The WMO confirmed its preliminary estimates: The globally averaged mean temperature in 2023 was around 1.45 degrees above the level before industrialization (1850-1900). Before that, 2016 was the warmest year on record, at around plus 1.3 degrees.

Second warmest year in Switzerland

According to the Federal Office of Meteorology (MeteoSwiss), 2023 was the second warmest year on record in Switzerland. In terms of temperatures, it reached a national average annual temperature of 7.2 degrees. Only 2022 was warmer.

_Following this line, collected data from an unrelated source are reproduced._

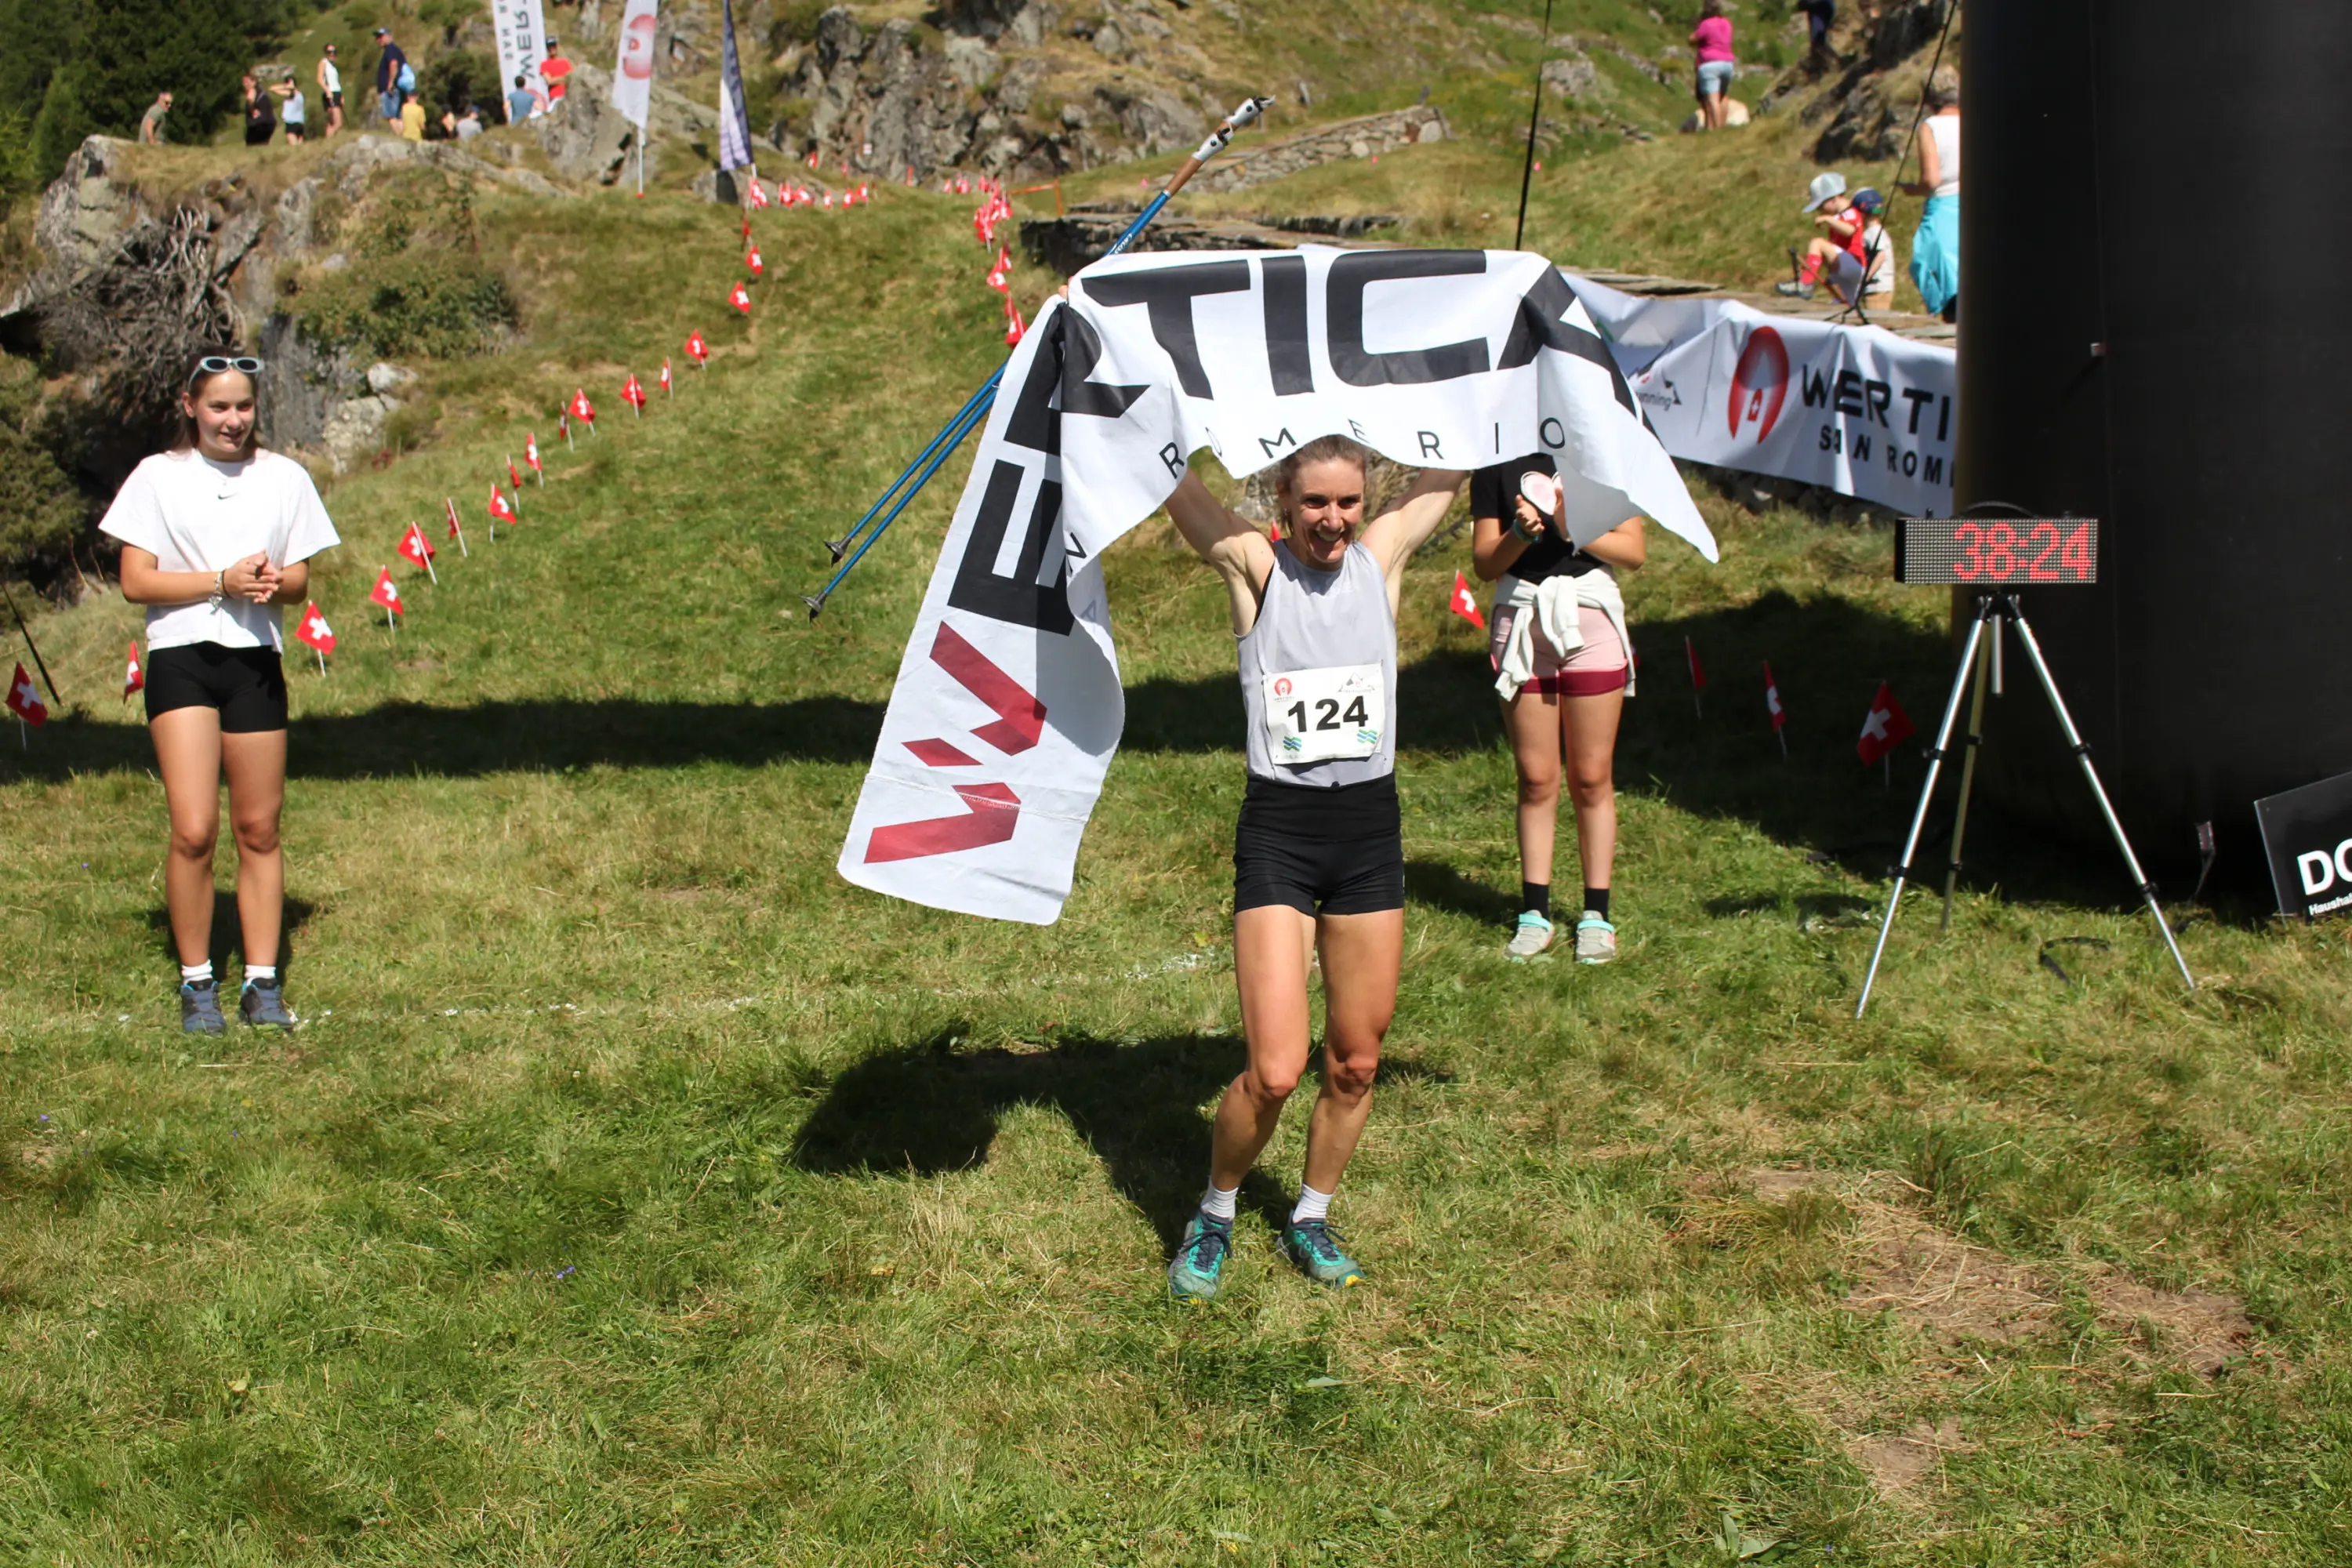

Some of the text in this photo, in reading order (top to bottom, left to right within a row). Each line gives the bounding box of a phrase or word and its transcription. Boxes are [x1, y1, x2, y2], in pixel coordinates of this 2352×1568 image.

[1802, 363, 1951, 442] WERTI
[1159, 417, 1566, 479] ROMERIO
[1953, 521, 2092, 580] 38:24
[1287, 695, 1369, 733] 124
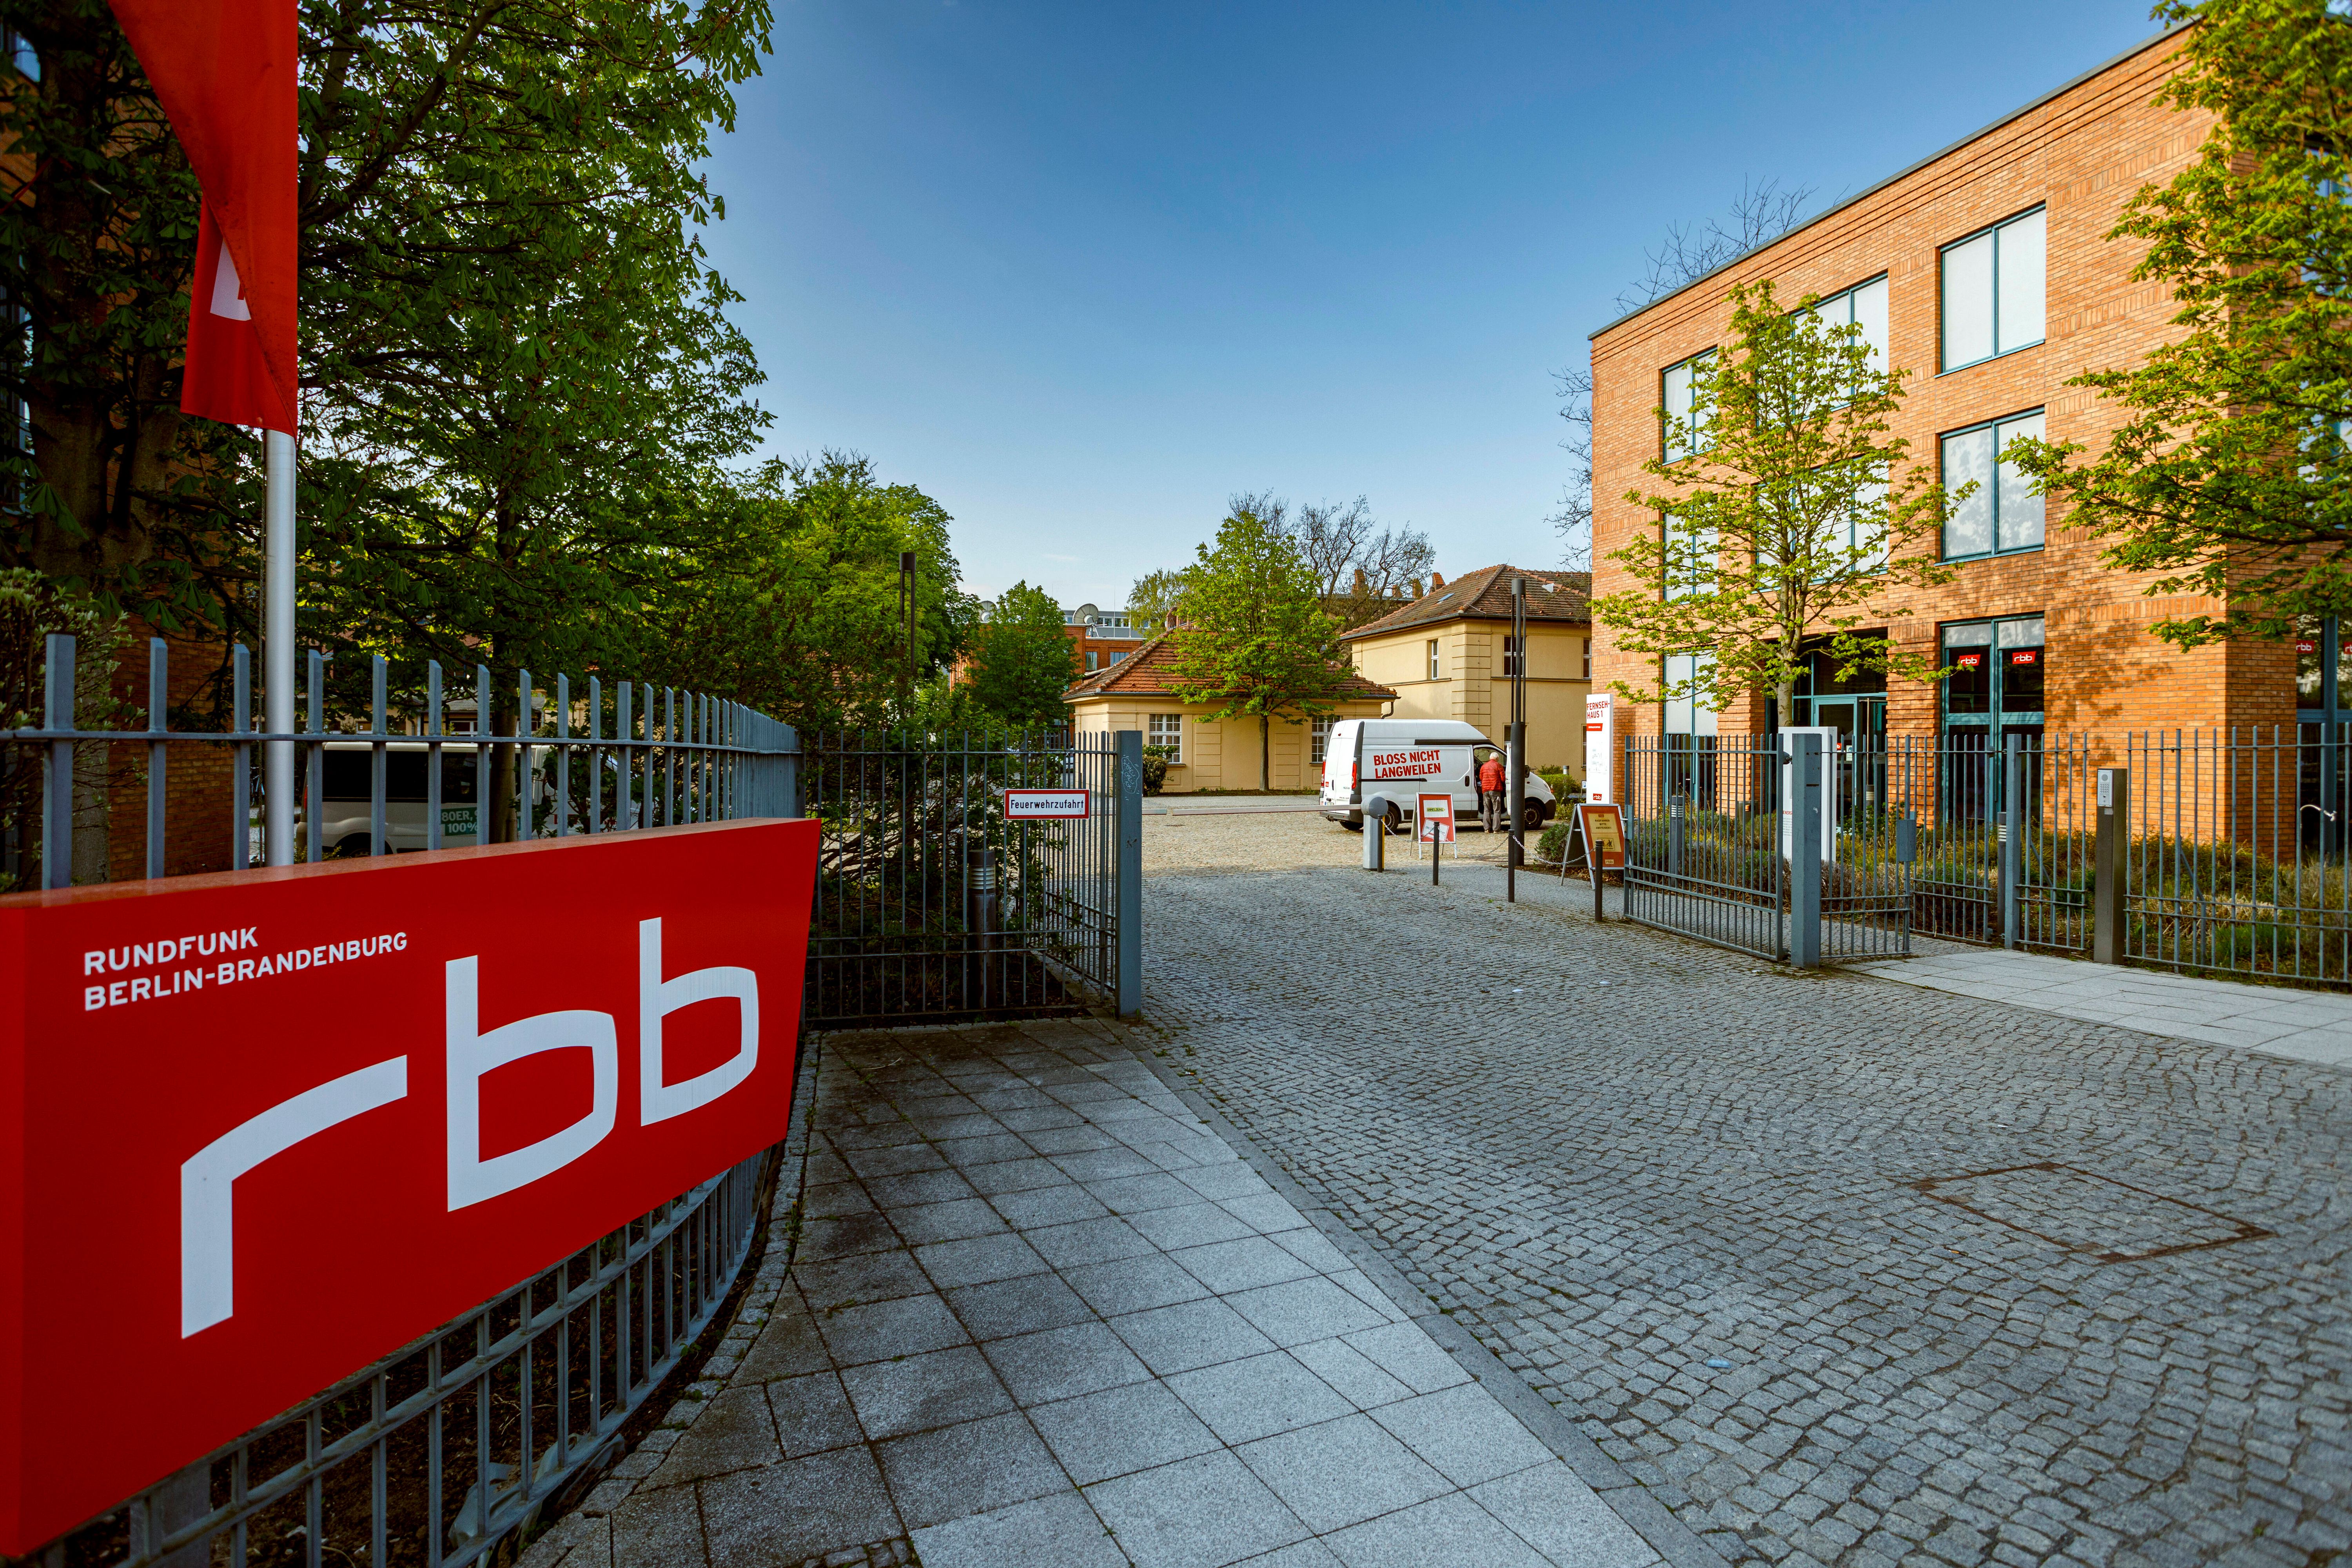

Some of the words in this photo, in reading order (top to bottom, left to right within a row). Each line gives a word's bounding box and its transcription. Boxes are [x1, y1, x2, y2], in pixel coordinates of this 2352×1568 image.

[1586, 701, 1610, 711] FERNSEH-
[1587, 711, 1599, 719] HAUS
[1374, 753, 1407, 766] BLOSS
[1409, 750, 1440, 762] NICHT
[1375, 762, 1441, 779] LANGWEILEN
[1011, 799, 1083, 809] Feuerwehrzufahrt
[441, 810, 473, 822] 80ER,
[447, 822, 477, 833] 100%
[84, 927, 258, 975] RUNDFUNK
[85, 932, 407, 1011] BERLIN-BRANDENBURG
[181, 917, 759, 1339] rbb

The European climate change service Copernicus had stated that the temperature would rise by 1.48 degrees in 2023. The WMO considers data sets from Copernicus and several other renowned institutes together. As a result, its report on climate change is particularly broad-based and is regarded as a global benchmark.

Heatwaves and melting glaciers

According to the WMO, 90 percent of ocean regions experienced a heatwave over the course of the year. In addition, glaciers lost more ice than in any other year since records began in 1950, especially in North America and Europe. The extent of Antarctic sea ice has also reached a negative record. The maximum extent was one million square kilometers smaller than the previous negative record: this corresponds to an area roughly the size of Germany and France combined.

Last year, the global average sea level was higher than at any time since satellite measurements began in 1993. In the past ten years, the sea level has risen twice as fast as in the first ten years since satellite measurements began. The causes are both the melting of glaciers and sea ice as well as the thermal expansion of warmer water.